Synthesis of Data and Analytic Plan
We used several meta-analyses to compute pooled standardized factor loadings (e.g., effect sizes). The pooled factor loadings were computed for (a) all 25 traits of the PID-5 on 5-factor structural pattern of the DSM-5 model including antagonism, psychoticism, detachment, disinhibition, and negative affectivity; (b) all 16 traits of the PID-5 on 5-factor structural pattern of the ICD-11 model including dissociality, anankastia, disinhibition, detachment, and negative affectivity; (c) all 25 items of the PID-5-BF on 5-factor structural pattern of the DSM-5 model. Based on the sample size and correlation coefficients between the personality facets/items and latent factors, the chosen studies were combined. To interpret the results more easily (56), the effect sizes for factor loadings were classified as follows: small (≥ 0.10), medium (≥ 0.30), large (≥ 0.50), and very large (≥ 0.70). This analytic approach was also used to compute pooled internal consistency (Cronbach's alpha) for all domains, facets, and items. The reliability of the scale was acceptable if internal consistency (i.e., α) was equal to or above 0.70 (57). Each meta-analysis's effect sizes were determined by the Fisher z-transformation of correlation coefficients. To make the results easier to interpret, the z-transformed correlations were back-transformed to the original level of correlations. The Fisher z-transformation converts a Pearson correlation coefficient into a normally distributed value. This transformation is often used for statistical analysis, such as calculating confidence intervals or performing hypothesis tests. To get back to the original level of correlation, it is needed to apply the inverse transformation, which is the hyperbolic tangent function. This process is known as back-transformation.

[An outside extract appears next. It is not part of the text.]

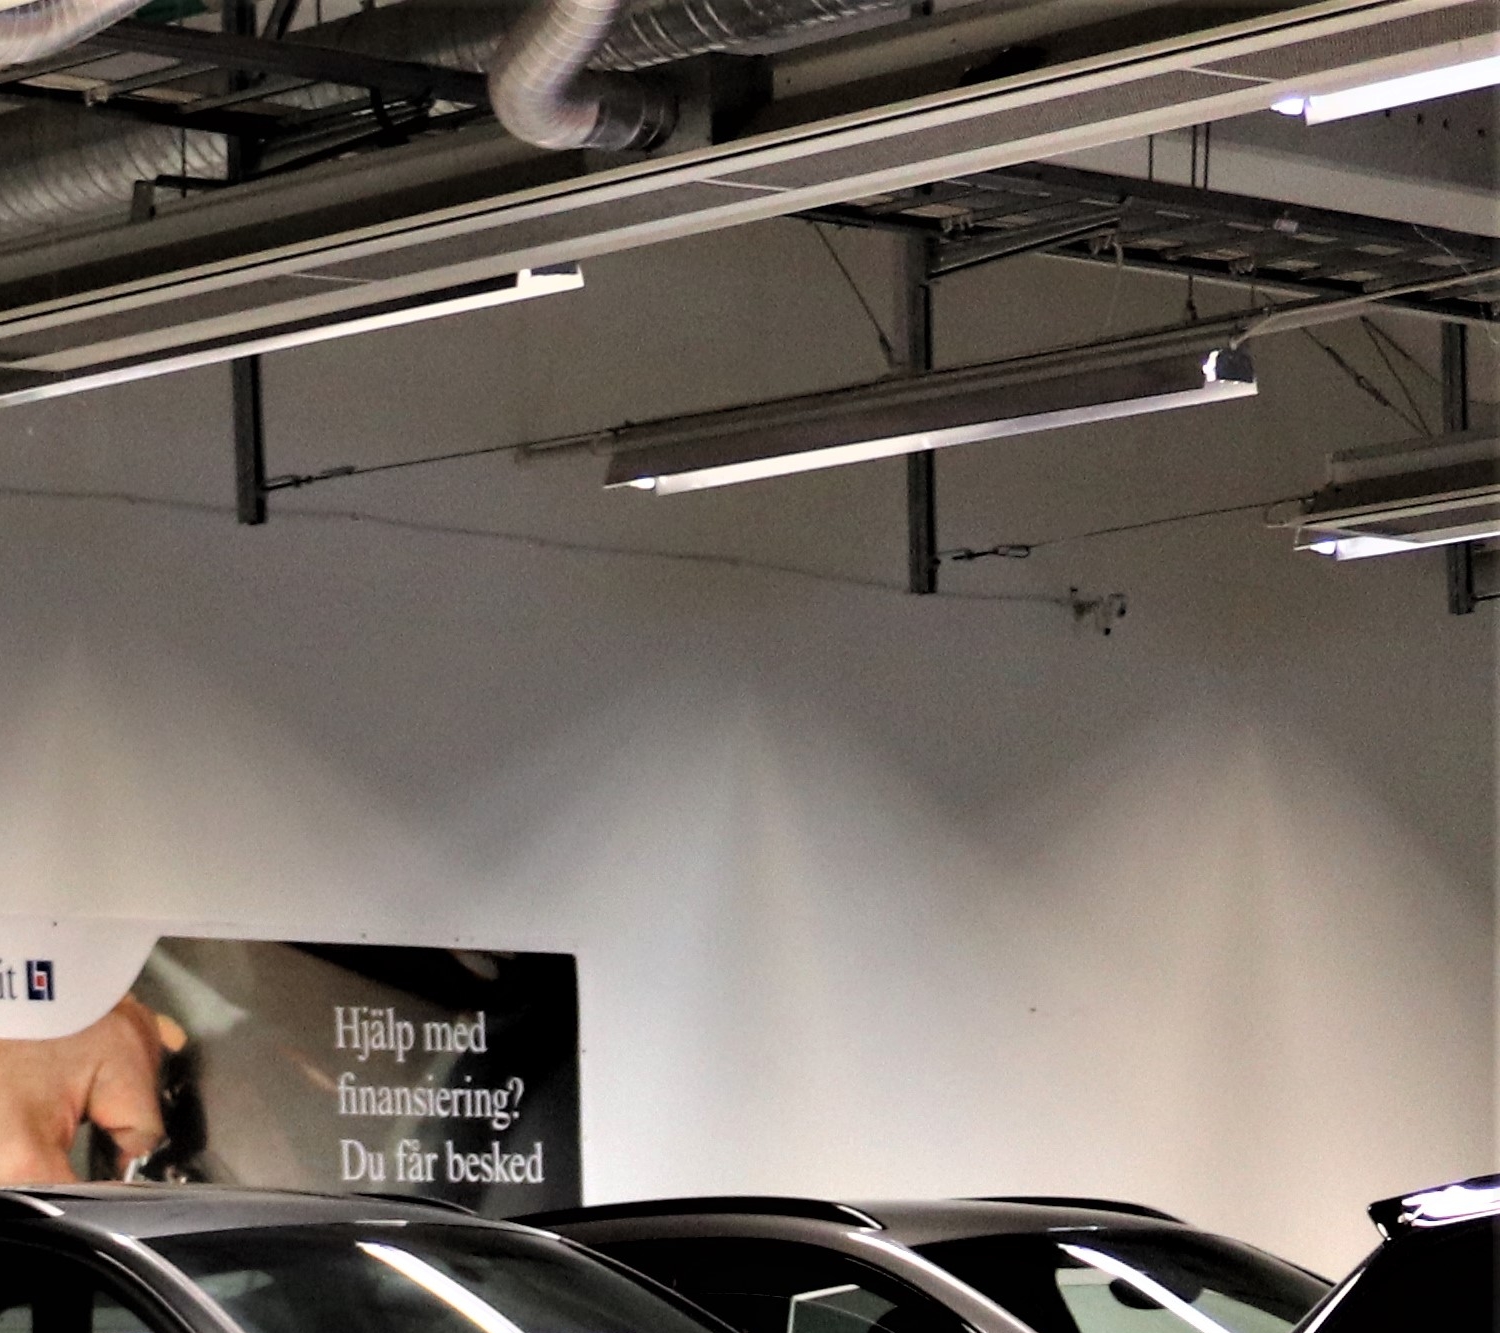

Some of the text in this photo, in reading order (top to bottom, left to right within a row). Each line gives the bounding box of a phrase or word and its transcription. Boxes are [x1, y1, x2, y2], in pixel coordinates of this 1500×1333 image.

[334, 1005, 488, 1063] Hjälp med
[337, 1071, 525, 1131] finansiering?
[339, 1137, 546, 1184] Du får besked

We employed the I2 statistics for a 95% confidence interval to estimate the heterogeneity of the research reports. The random-effects method was used to compute pooled estimates of the correlations for all traits and items because of the high level of heterogeneity across the measures. A random-effects model acknowledges that the effect size may vary across studies and accounts for this variation. This means a random-effects model gives more weight to studies with smaller sample sizes and less precise estimates of the effect size (58). At the end, Egger's test was employed to identify publication bias. Publication bias occurs when research findings are more likely to be published if they show statistically significant results. This can lead to an inaccurate representation of the true effects of associations because negative or inconclusive results are less likely to be published. The second version of the Comprehensive Meta-Analysis (CMA-2) software was used for all analyses and two-tailed p ≤ 0.05 was considered for statistical significance.
Diagram 1.
The Study Selection Process Based on the Preferred Reporting Items for Systematic Reviews and Meta-Analyses (PRISMA)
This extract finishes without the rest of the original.